(PROVIDED INFORMATION begins)

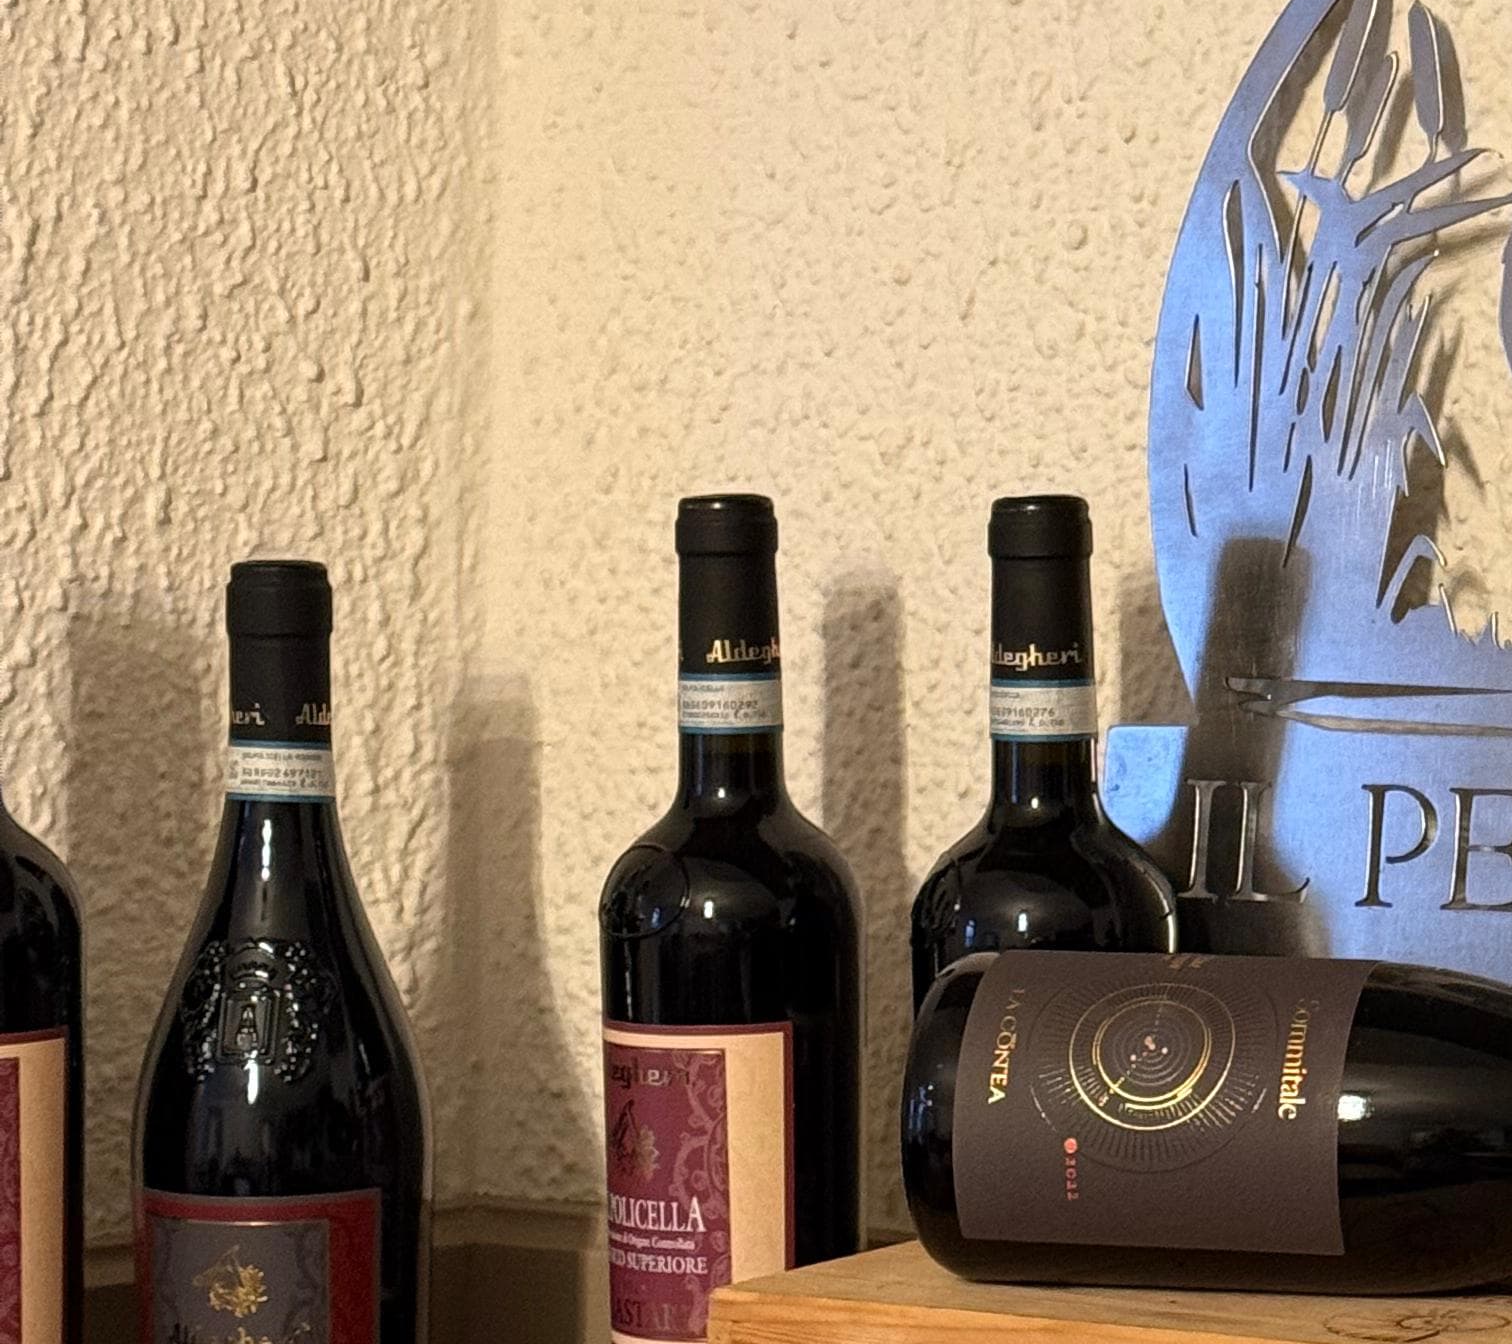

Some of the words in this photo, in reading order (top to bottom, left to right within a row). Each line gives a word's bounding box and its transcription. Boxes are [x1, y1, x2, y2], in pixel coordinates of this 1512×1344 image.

[705, 636, 779, 664] Aldegh
[1180, 778, 1309, 904] IL
[1278, 998, 1320, 1120] Sommitale
[610, 1195, 707, 1232] OLICELLA
[627, 1252, 708, 1275] SUPERIORE
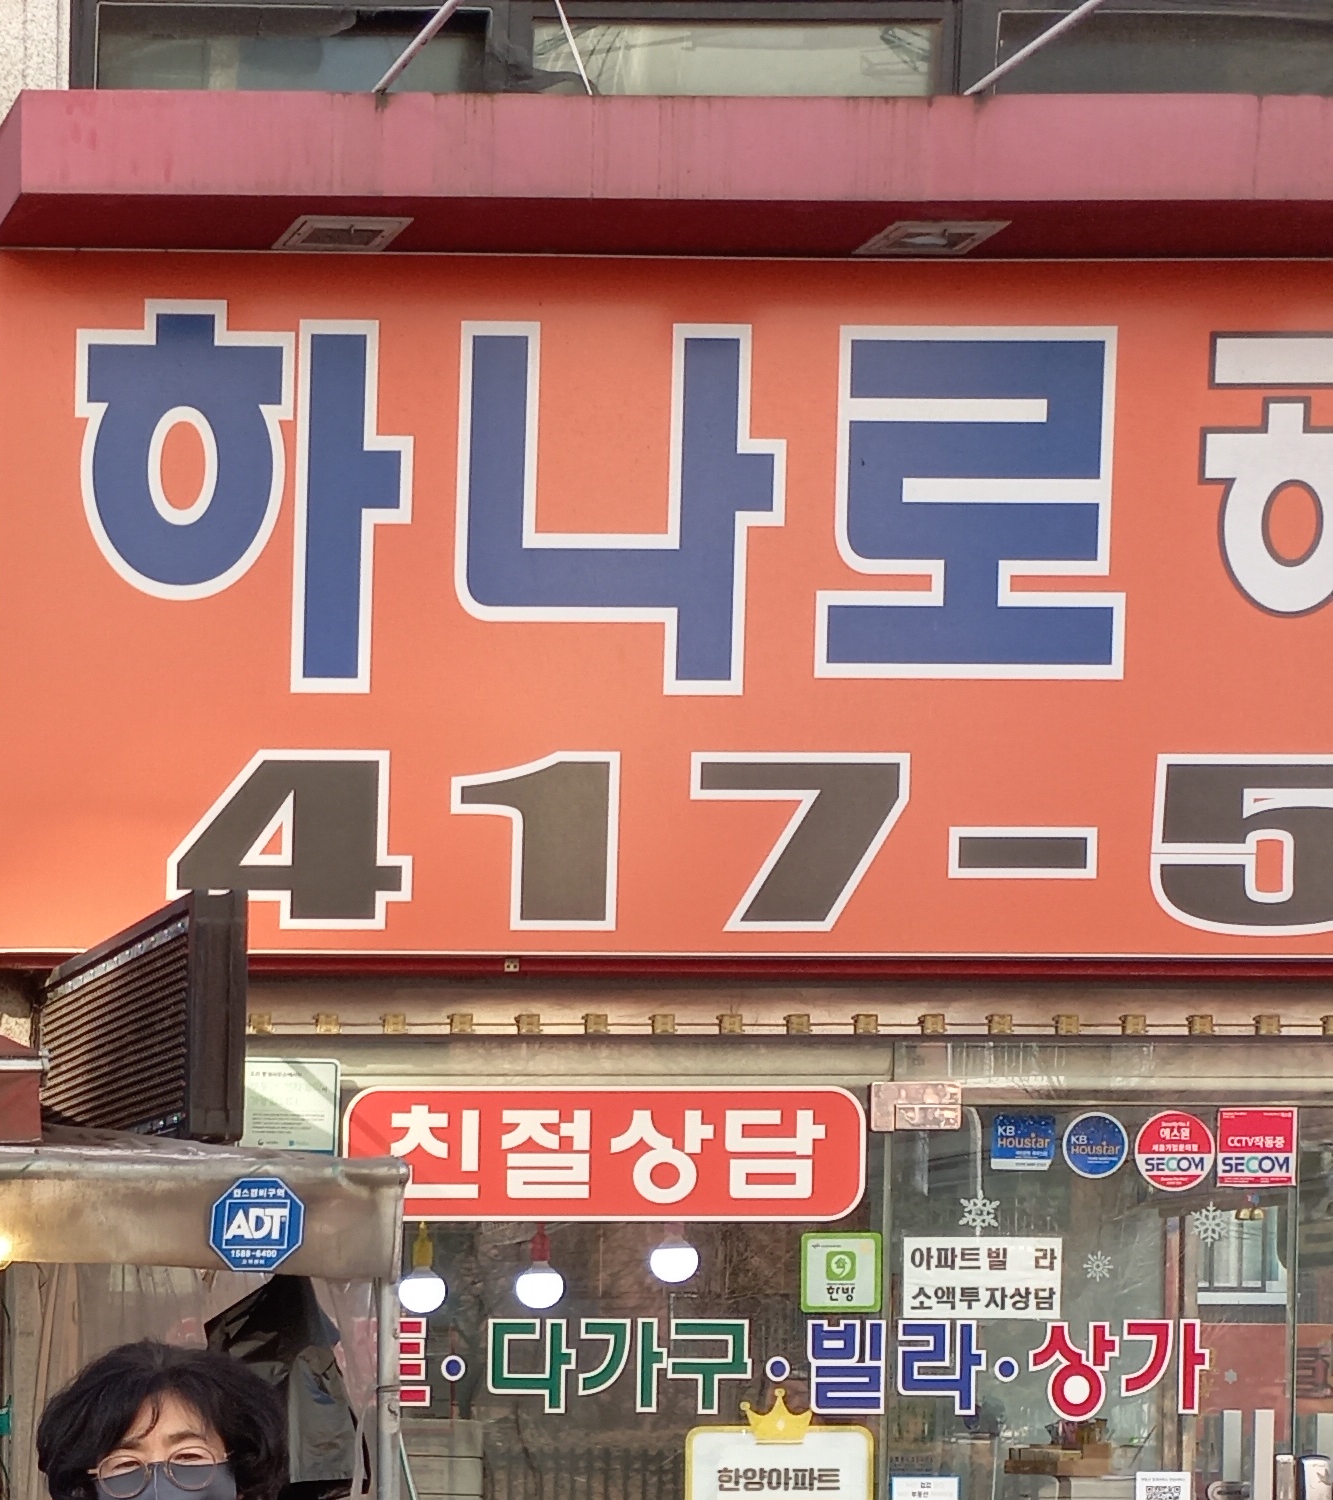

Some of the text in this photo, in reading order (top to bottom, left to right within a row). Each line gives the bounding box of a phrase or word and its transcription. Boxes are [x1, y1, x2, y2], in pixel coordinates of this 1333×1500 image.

[75, 299, 1127, 695] 하나로
[997, 1126, 1015, 1136] KB
[1071, 1135, 1088, 1145] KB
[390, 1105, 827, 1204] 친절상담
[1145, 1157, 1204, 1172] SECOM
[1222, 1156, 1290, 1173] SECOM
[224, 1207, 288, 1240] ADT
[826, 1285, 855, 1302] 한방
[717, 1467, 841, 1492] 한양아파트
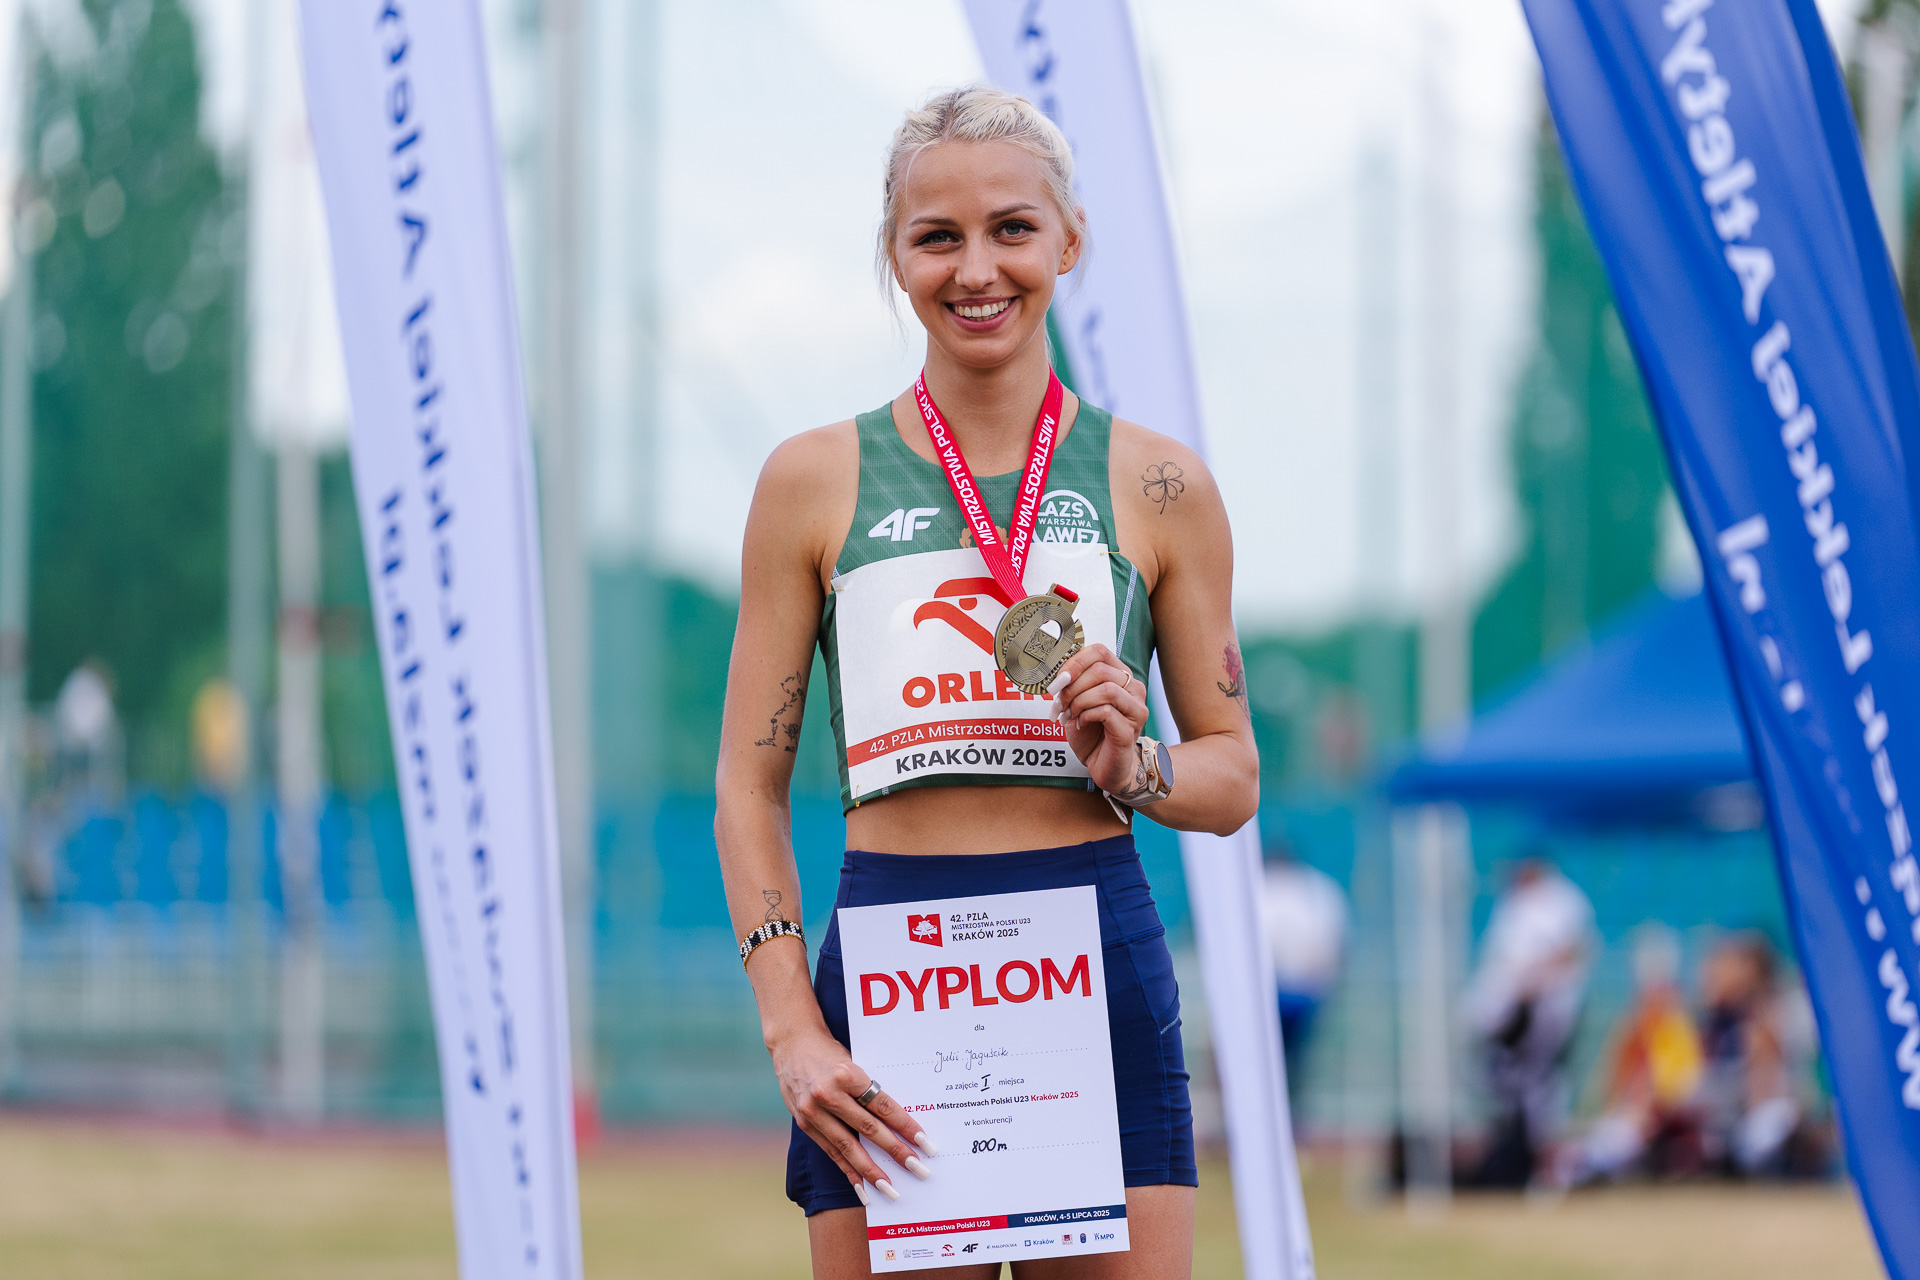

(PROVIDED INFORMATION ends)

[REQUIRED ACTION]
Repeat the data word for word; drop the pictures.

[SOLUTION FOR THIS TASK]
Some of the words in this photo, in reading order (top to bottom, left to right within a row). Each line gives a word's bounding box and its transcription. Boxes are [x1, y1, x2, y2], in pixel coordinates of this 1512×1344 image.

[705, 636, 779, 664] Aldegh
[1180, 778, 1309, 904] IL
[1278, 998, 1320, 1120] Sommitale
[610, 1195, 707, 1232] OLICELLA
[627, 1252, 708, 1275] SUPERIORE

Some of the text in this photo, in reading order (top to bottom, left to right within a row). Each line gives the bounding box of a phrase or word and its transcription. Boxes are [x1, y1, x2, y2], in pixel coordinates of this 1333×1500 image.

[75, 299, 1127, 695] 하나로
[997, 1126, 1015, 1136] KB
[1071, 1135, 1088, 1145] KB
[390, 1105, 827, 1204] 친절상담
[1145, 1157, 1204, 1172] SECOM
[1222, 1156, 1290, 1173] SECOM
[224, 1207, 288, 1240] ADT
[826, 1285, 855, 1302] 한방
[717, 1467, 841, 1492] 한양아파트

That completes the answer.